*Problem to work on*:
The expected result is a word-for-word copy of the entries, minus any pictures.

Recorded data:
■ ■ ■ ■ ■ ■ ■

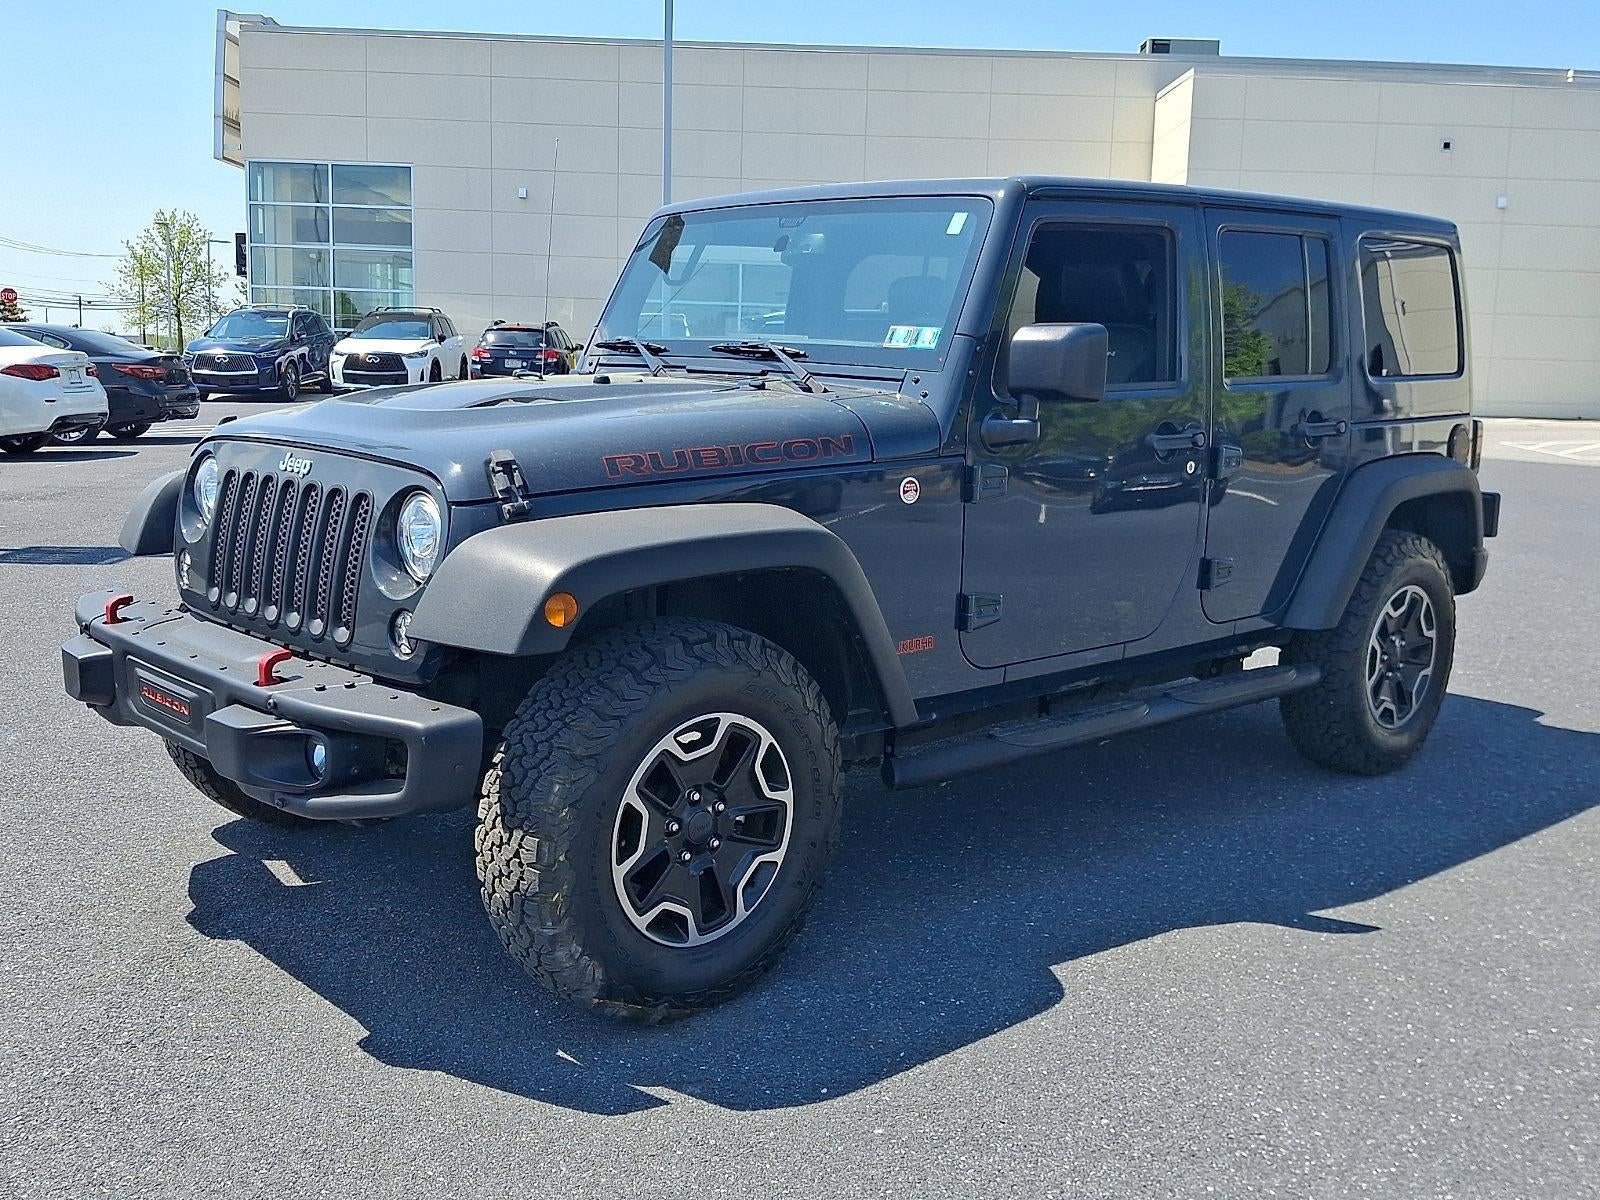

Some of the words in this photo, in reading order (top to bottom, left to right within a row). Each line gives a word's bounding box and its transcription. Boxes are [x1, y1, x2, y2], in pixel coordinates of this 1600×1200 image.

[2, 292, 17, 300] STOP
[279, 452, 314, 479] Jeep
[603, 434, 857, 478] RUBICON
[141, 686, 190, 716] RUBICON

■ ■ ■ ■ ■ ■ ■

*Answer to this task*:
Some of the words in this photo, in reading order (top to bottom, left to right within a row). Each line gives a word's bounding box and its transcription. Boxes are [x1, y1, x2, y2], in pixel coordinates of this 1600×1200 image.

[2, 292, 17, 300] STOP
[279, 452, 314, 479] Jeep
[603, 434, 857, 478] RUBICON
[141, 686, 190, 716] RUBICON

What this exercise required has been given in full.